### Problem to solve
Write the listing out once more, identical to the original but without pictures.
-.-.-
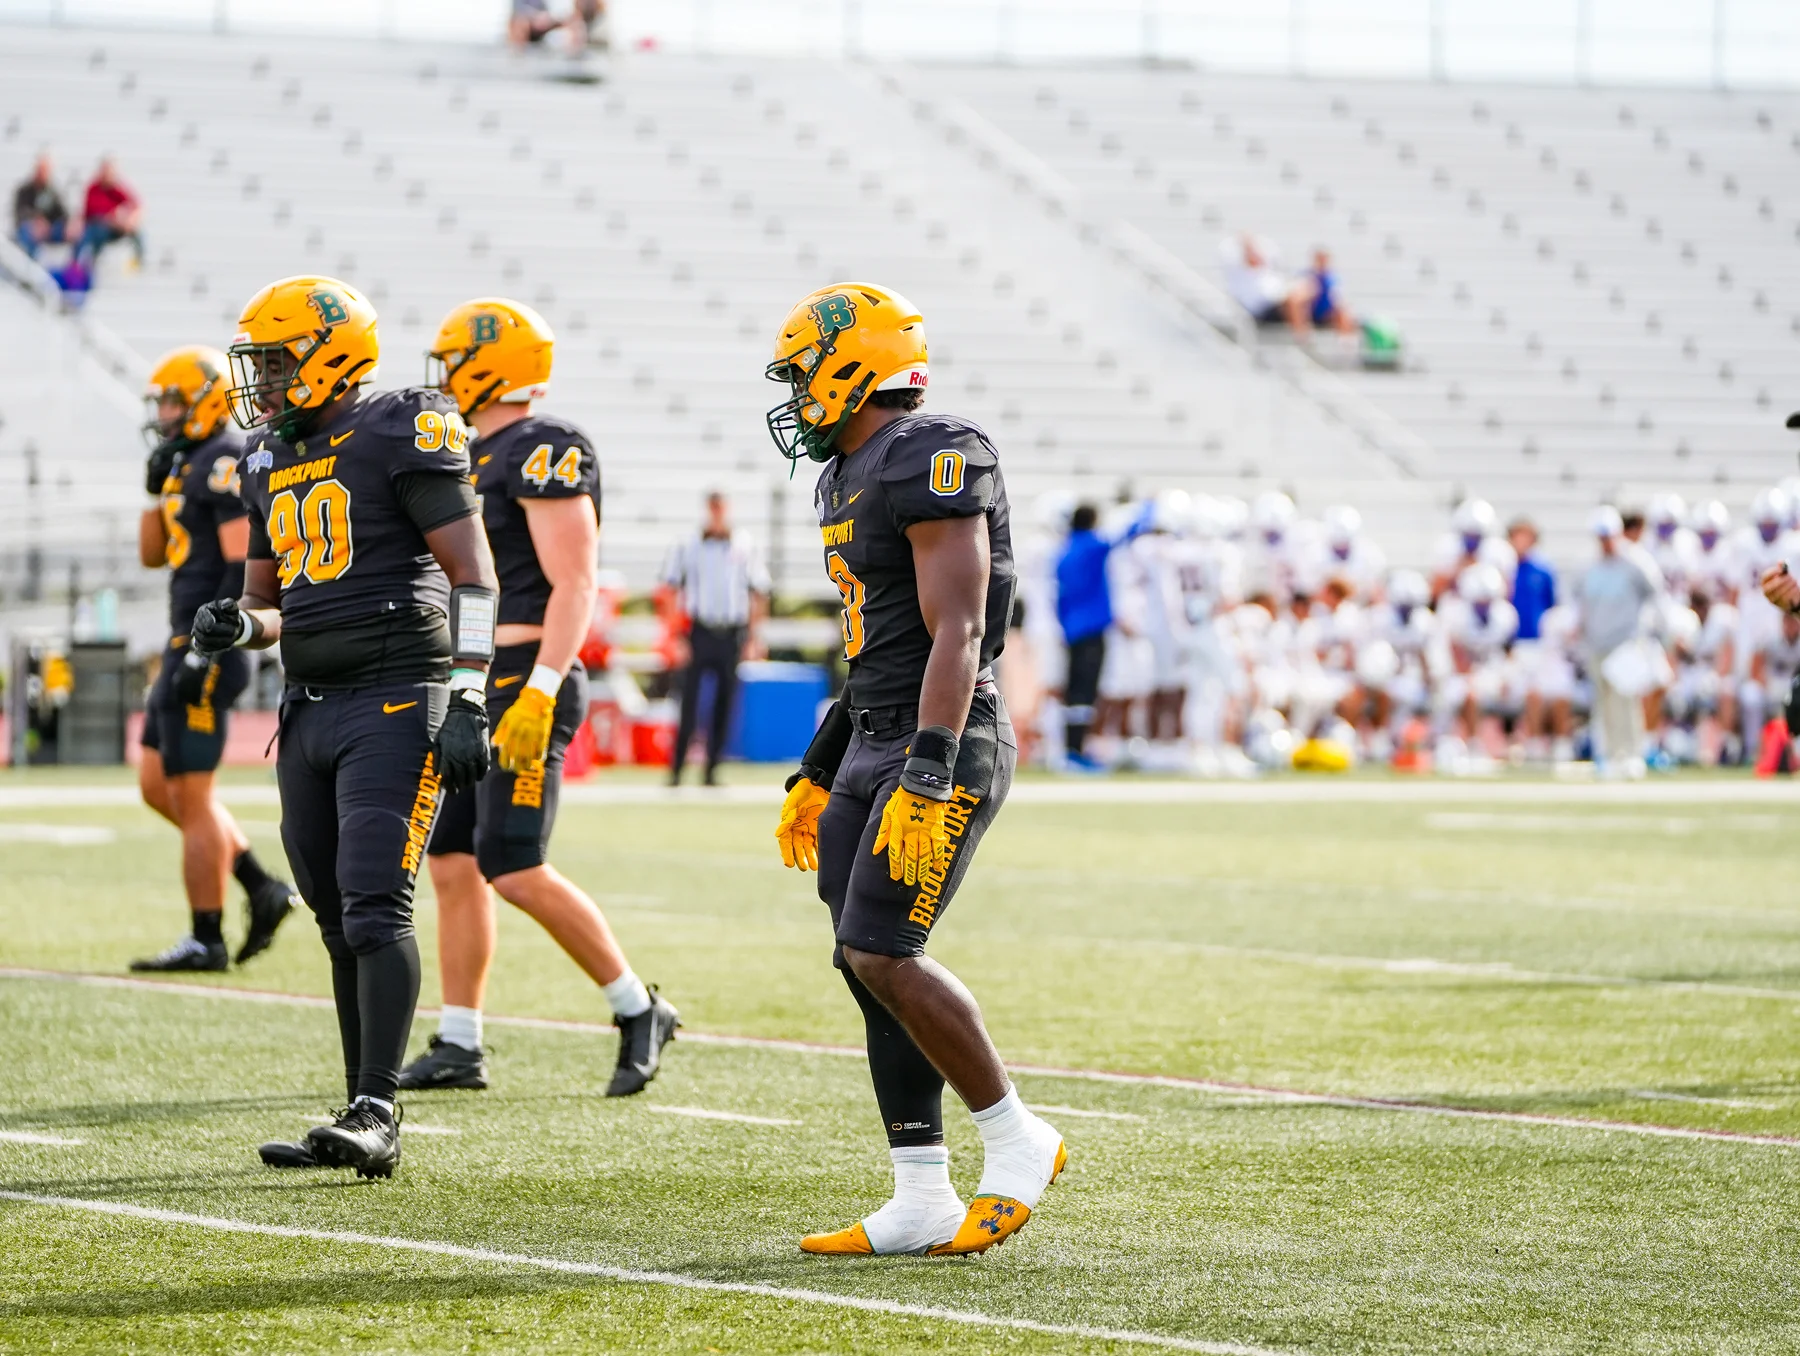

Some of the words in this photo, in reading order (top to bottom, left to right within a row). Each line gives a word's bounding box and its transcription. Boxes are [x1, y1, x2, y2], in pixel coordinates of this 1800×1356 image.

[308, 290, 350, 328] B
[471, 315, 499, 344] B
[811, 294, 857, 340] B
[414, 411, 467, 454] 90
[268, 456, 337, 494] BROCKPORT
[521, 444, 582, 488] 44
[930, 449, 966, 496] 0
[267, 479, 353, 589] 90
-.-.-
### Your response
Some of the words in this photo, in reading order (top to bottom, left to right within a row). Each line gives a word's bounding box and its transcription. Boxes are [x1, y1, x2, y2], in pixel coordinates of this 1800×1356 image.

[308, 290, 350, 328] B
[471, 315, 499, 344] B
[811, 294, 857, 340] B
[414, 411, 467, 454] 90
[268, 456, 337, 494] BROCKPORT
[521, 444, 582, 488] 44
[930, 449, 966, 496] 0
[267, 479, 353, 589] 90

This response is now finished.